Sunday, December 20, 2009

Snowpocalypse Now























(This was the view from my front door this morning.)

I've been having one of those days. D'ya know what I mean?

I'm not sure if you've heard about the roughly 16-18" of snow that fell in the DC metro area over the past two days. My newer car's "traction control" left me coveting my old Audi quattro, as my ass either slide all over the road, or worse yet, wouldn't budge at all. I took a "snow day" yesterday, and canceled all my client meetings, and proceeded to hang out with my dog while watching bad movies all day. Fighting the cabin fever, I obsessively cleaned my house, reorganized two dressers, my closet, my linens, bathed my dog, shoveled a walk way or two, and called it a day. A very productive day.
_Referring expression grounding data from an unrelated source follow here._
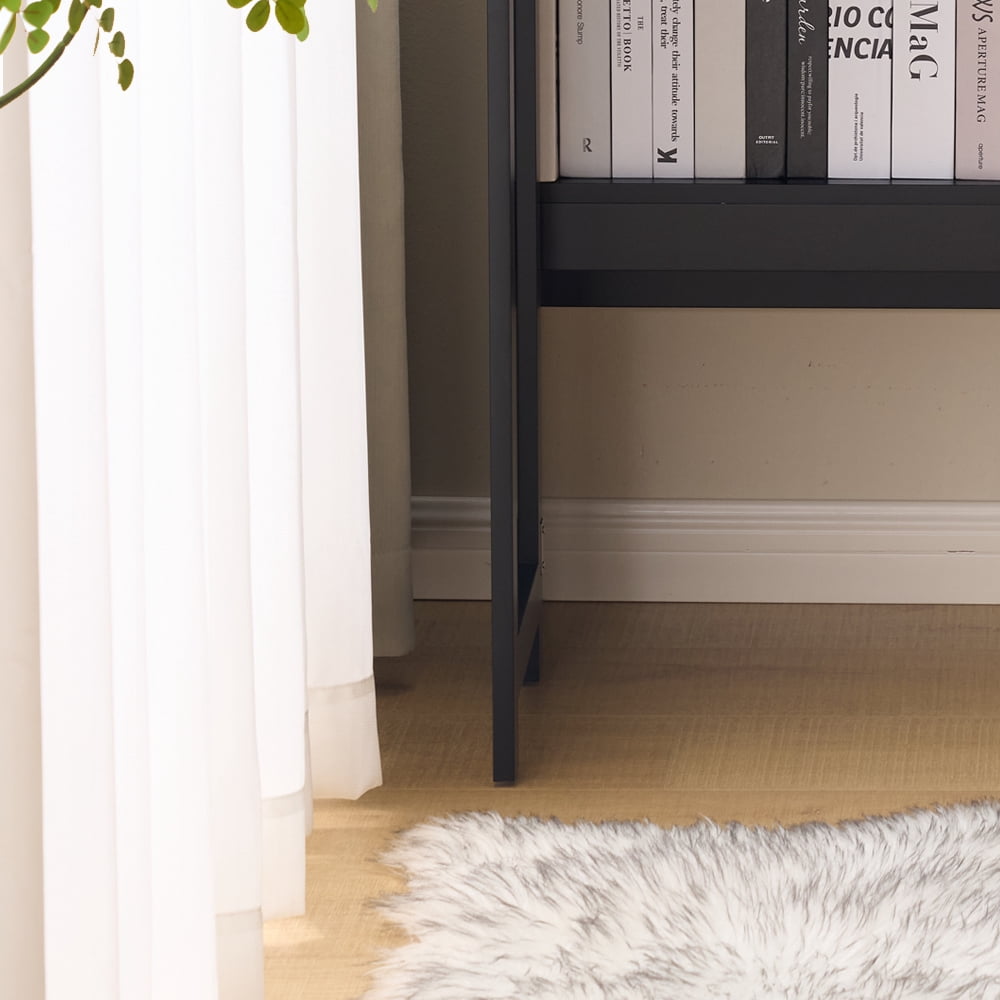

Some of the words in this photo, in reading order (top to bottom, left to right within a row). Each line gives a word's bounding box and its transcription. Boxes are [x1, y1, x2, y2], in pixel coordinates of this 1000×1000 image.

[660, 6, 669, 25] treat
[576, 22, 585, 45] Stump
[660, 29, 669, 49] their
[670, 17, 681, 47] change
[908, 1, 939, 82] MaG
[623, 38, 632, 72] BOOK
[671, 50, 680, 71] their
[976, 27, 987, 92] APERTURE
[671, 72, 680, 106] attitude
[976, 94, 987, 123] MAG
[671, 109, 680, 142] towards
Cut to today. Overslept, woke up late for work, where I had to again cancel a few early client meetings due to inclimate weather, but couldn't figure out what to do with myself. So, I decided to shovel the newly fallen snow for a few hours. It was a good work out, one desperately needed after not having been to the gym in a few weeks. And it gave me a lot of time to think.

I have the house to myself, my dog has been super chill, and I've gotten so much shit done. It felt great. And slowly these thoughts crept into my head, remembering times with this woman, or that one. Remembering how it felt to have a girlfriend, to actually live with someone, and share in that domesticity. Thinking about how much I have changed in a relatively short period of time, and yet haven't truly put myself to the test to see if any of these newer renditions of myself hook the right person. Huh.
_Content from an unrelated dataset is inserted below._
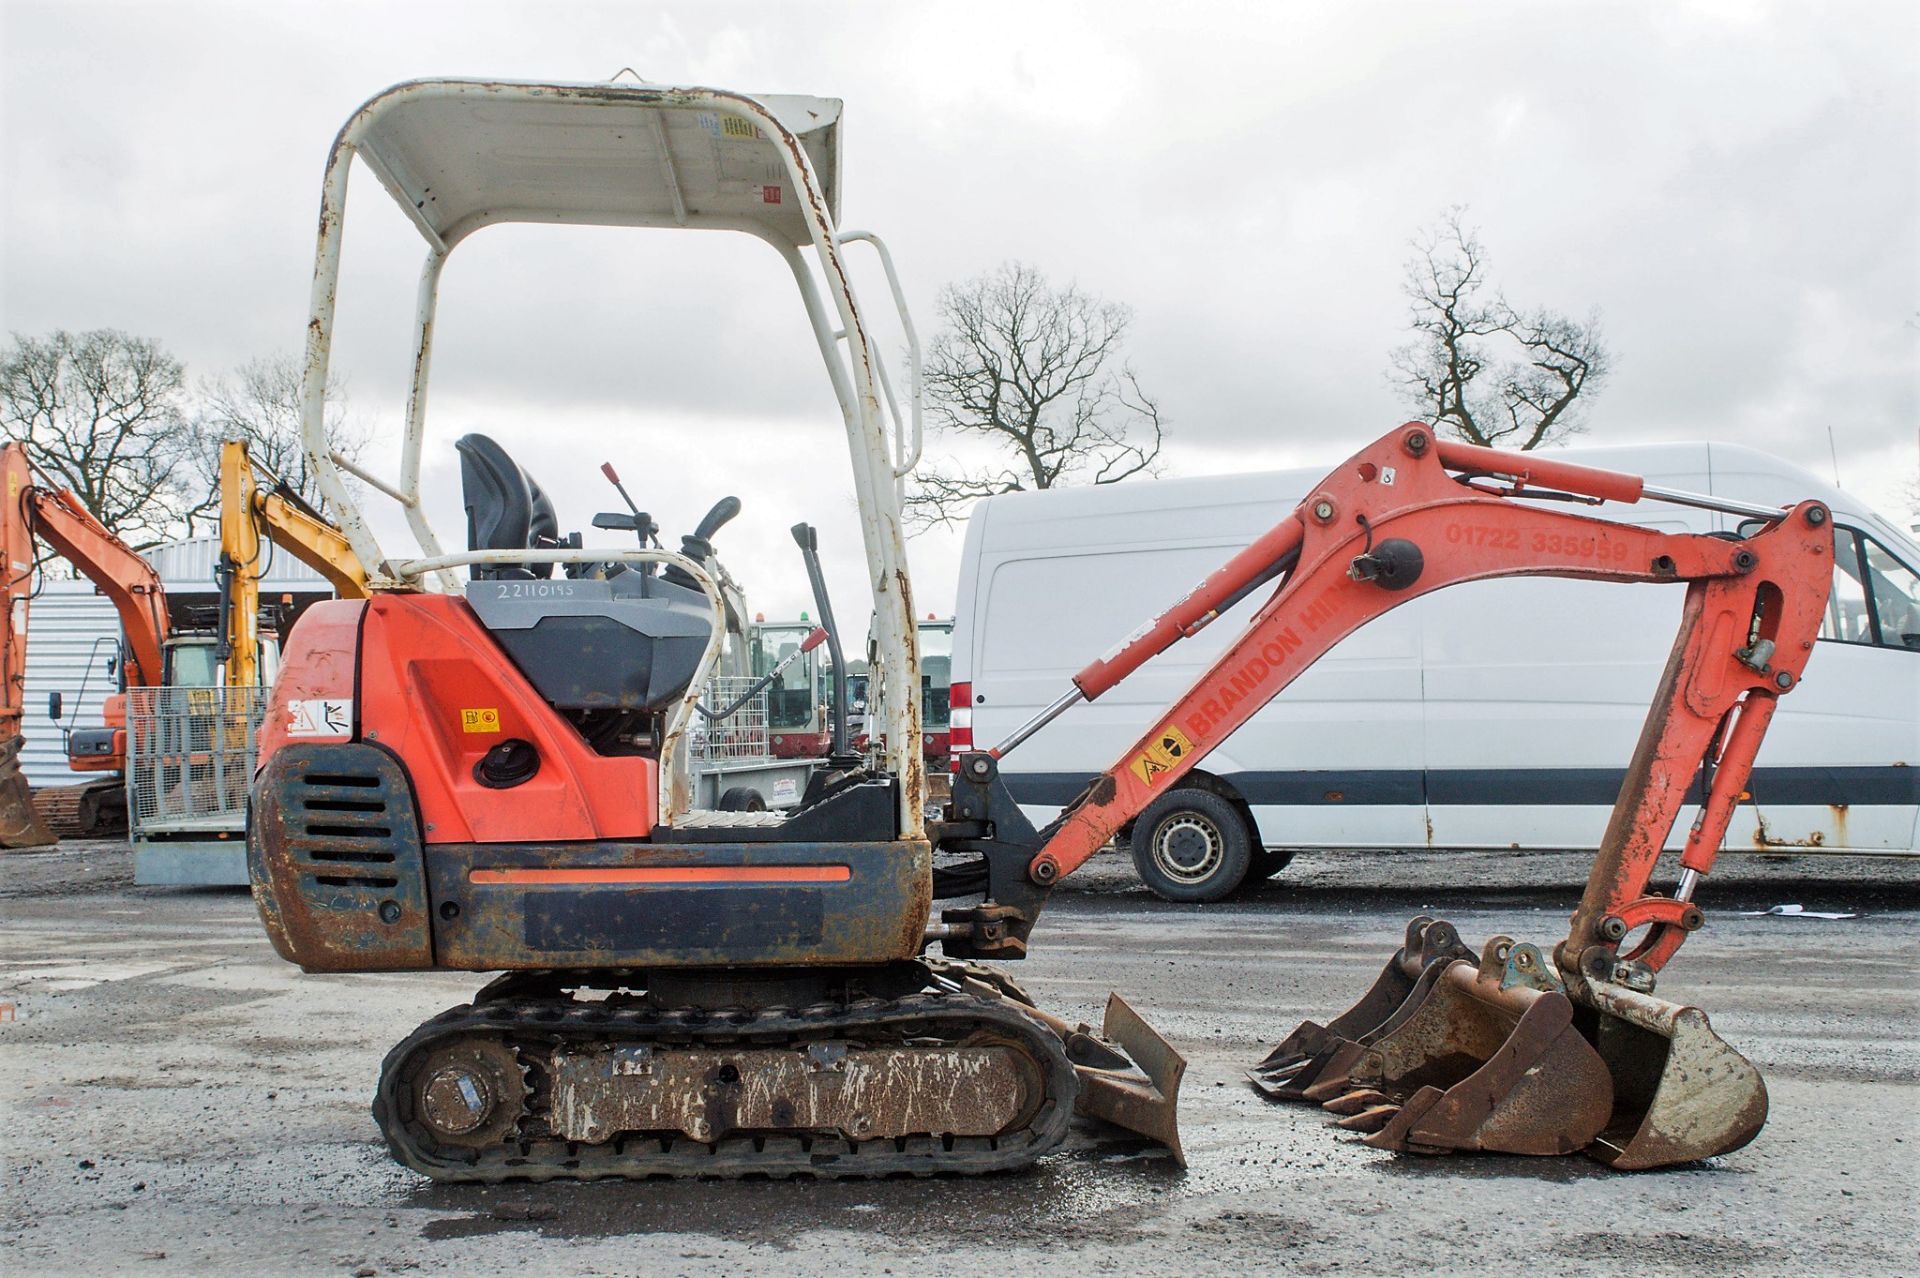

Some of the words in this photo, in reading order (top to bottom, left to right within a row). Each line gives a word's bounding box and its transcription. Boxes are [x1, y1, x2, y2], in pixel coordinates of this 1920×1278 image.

[1445, 523, 1521, 550] 01722
[1531, 532, 1628, 562] 335959
[497, 584, 574, 599] 22110195
[1185, 626, 1304, 738] BRANDON
As the afternoon progressed, I forced myself to stop canoodling, and forge on ahead with my last few client meetings. One was for the lesbian power couple mentioned several posts ago. They gave me an incredibly generous holiday bonus, a very expensive bottle of champagne, a card that said how much they "love (my) visits, and love (me)," and both kissed me farewell upon my departure. Damn!

Foolishly, I then tried to kill some time, and proceeded to get a $25o parking ticket while ducking into a CVS for 7 minutes. Apparently I was temporarily parked on a main thoroughfare, which was deemed a "snow emergency route." Awesome! After that, I was so pissed, I couldn't find parking at the next client's place, and ended up getting lodged atop a small iceberg, stuck again. This is doubly embarrassing since I come from New England, and often mock mid-Atlantico's for their bullshit driving in the winter. My ego was badly bruised with this new suck mobile.
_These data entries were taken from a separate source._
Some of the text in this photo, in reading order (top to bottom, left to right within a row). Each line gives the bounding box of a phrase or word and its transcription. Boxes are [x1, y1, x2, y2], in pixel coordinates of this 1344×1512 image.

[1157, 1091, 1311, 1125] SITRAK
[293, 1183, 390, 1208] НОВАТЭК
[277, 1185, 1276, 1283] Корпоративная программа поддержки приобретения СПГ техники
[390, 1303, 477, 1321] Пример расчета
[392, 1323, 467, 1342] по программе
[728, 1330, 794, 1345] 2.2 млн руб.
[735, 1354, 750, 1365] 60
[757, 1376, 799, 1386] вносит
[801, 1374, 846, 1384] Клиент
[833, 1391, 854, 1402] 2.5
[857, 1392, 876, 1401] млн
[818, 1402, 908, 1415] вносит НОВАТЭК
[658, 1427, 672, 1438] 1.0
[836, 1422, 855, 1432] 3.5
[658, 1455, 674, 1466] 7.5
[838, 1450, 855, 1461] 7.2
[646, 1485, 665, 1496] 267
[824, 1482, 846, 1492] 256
When I eventually got myself deployed back home, everything seemed just a bit off. Cranky now as ever, I am trying to read the signs that all of these annoyances might be trying to tell me. But what? What do these signs represent – what signals missed?

Or... Is synchronicity a load of crap? Was Carl Jung wrong? Was Sting just abusing it to sound like an enlightened pop-star douche bag? Why do things *have* to mean something? Can't a bad day just be a bad day? Can't I just be an idiot for following the sixty or so other cars when I parked on that main drag, and not finding any "snow emergency" signs in sight?

Now, I'm not saying that getting deserted on the repeated ice caps of DC prompted me to move to Honolulu. No. And I'm not mulling over which insanely over sized SUV with four wheel drive should be sitting in my drive way come Jan 1st. Again, not so much. But if this really was an apocalyptic snow storm, then shouldn't there be some revelatory "come to Jesus" epiphany?

Even as this rough day passes, I yearn for something bigger, something more significant. Maybe that handful of Advil and this heating pad for my aching back (you know, it's true when they tell you to bend with your knees...) is distracting me from my a-ha moment.

What to do, what to do... I'm itching to break through this inertia, and crack these cement slippers I've found myself wearing. Where's my pick axe? I'm going Cool Hand Luke on yer asses!